1on1に絶対的な正解はない中、本連載「1on1の解剖図」では、様々な領域で活躍するエンジニアの「1on1の手法」に焦点を当て、現場の課題や気づき、乗り越え方を掘り下げます。


第4回は、エムスリー株式会社 VPoEのばんくし(@vaaaaanquish)氏。2019年に同社に入社後、キャディ株式会社を経て、「エンジニアをモチベートしたい」という思いから、2023年5月にエムスリーへ復帰しました。

各メンバーのチャレンジ支援、技術選定の伴走、部門間のズレの早期発見──。社内の全エンジニアに「CTOレベルの人材になってほしい」という思いから、ばんくし氏は1on1をフル活用しています。
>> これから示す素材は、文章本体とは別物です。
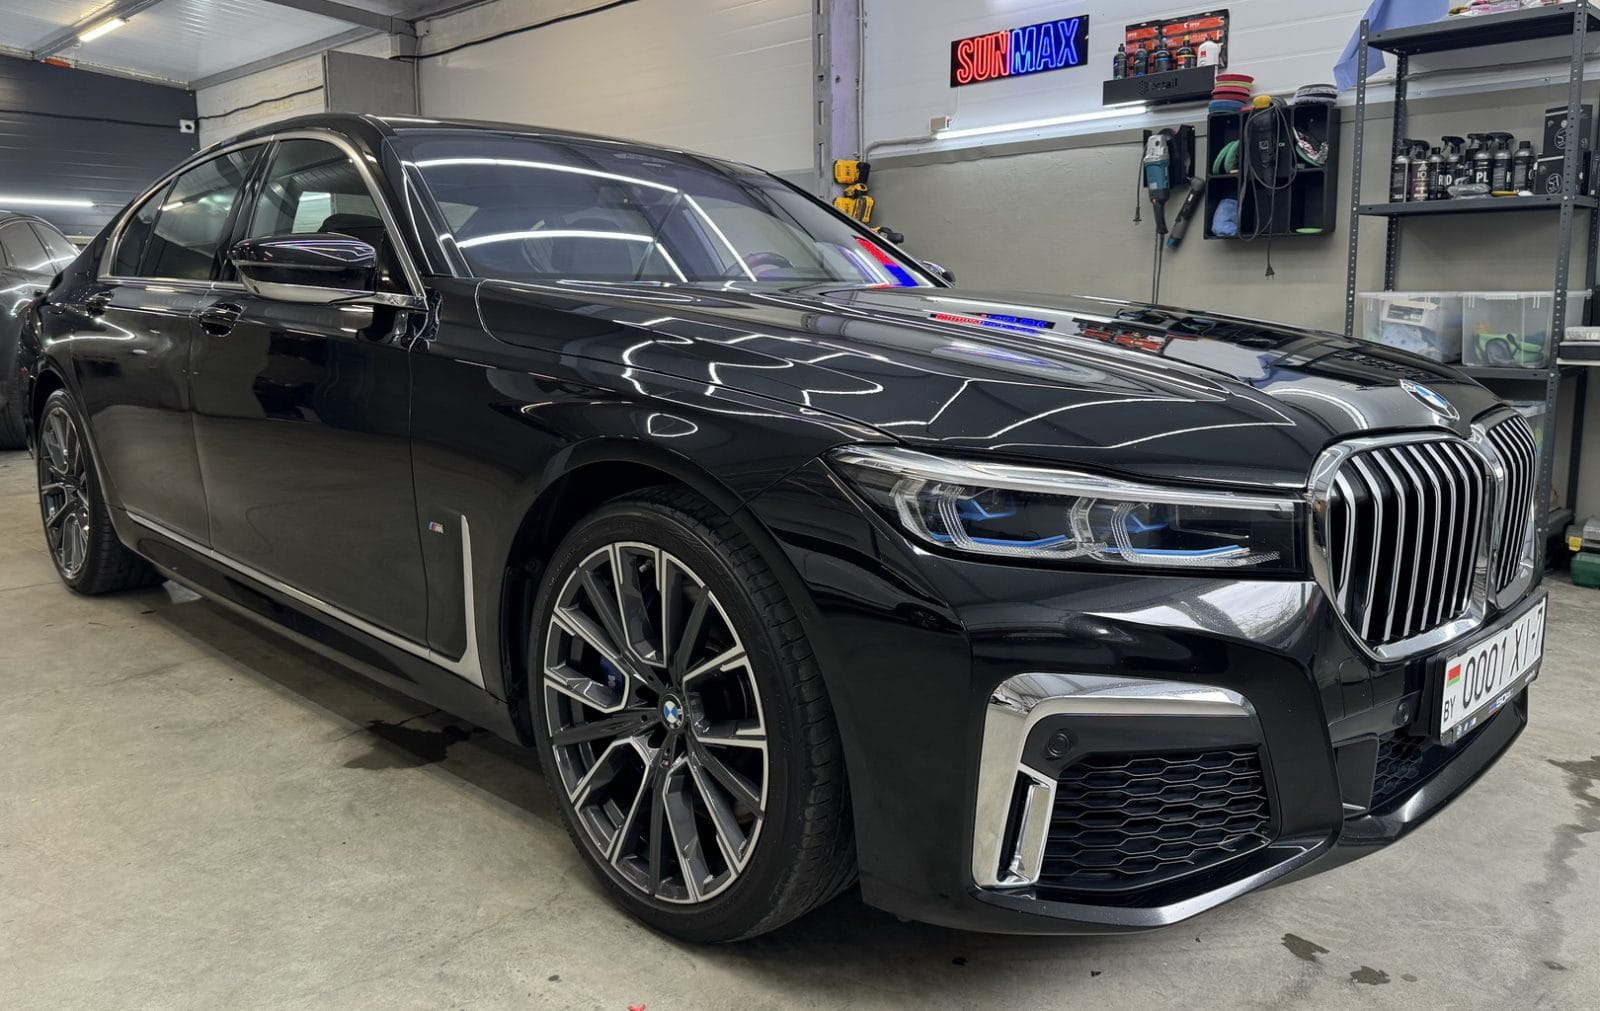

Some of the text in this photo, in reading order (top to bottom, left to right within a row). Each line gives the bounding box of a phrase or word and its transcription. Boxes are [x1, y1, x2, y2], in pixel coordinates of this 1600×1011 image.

[956, 18, 1079, 84] SUNMAX
[1462, 636, 1507, 709] 0001
[1443, 696, 1456, 722] BY
1on1の位置づけやメンバーとの向き合い方、そしてVPoEとして組織を率いる中で見えてきた、自分自身の新たな側面についても語っていただきました。

1on1は“チャレンジの現在地”を掴む時間

──ばんくしさんは、1on1の役割をどのように考え、どのような話題を扱うことが多いですか。
私の1on1は、基本的には「皆のことを知りたい!」という気持ちや役割でやっています。チームの状況や業務上の課題はもちろん、その人が何にモチベーションを感じ、次にどんなことをやりたいのか、最近何が楽しいのか、どんなエンジニアで在りたいのかなどを聞いています。あとは雑談を通して、その人自身への理解を深めるようにしています。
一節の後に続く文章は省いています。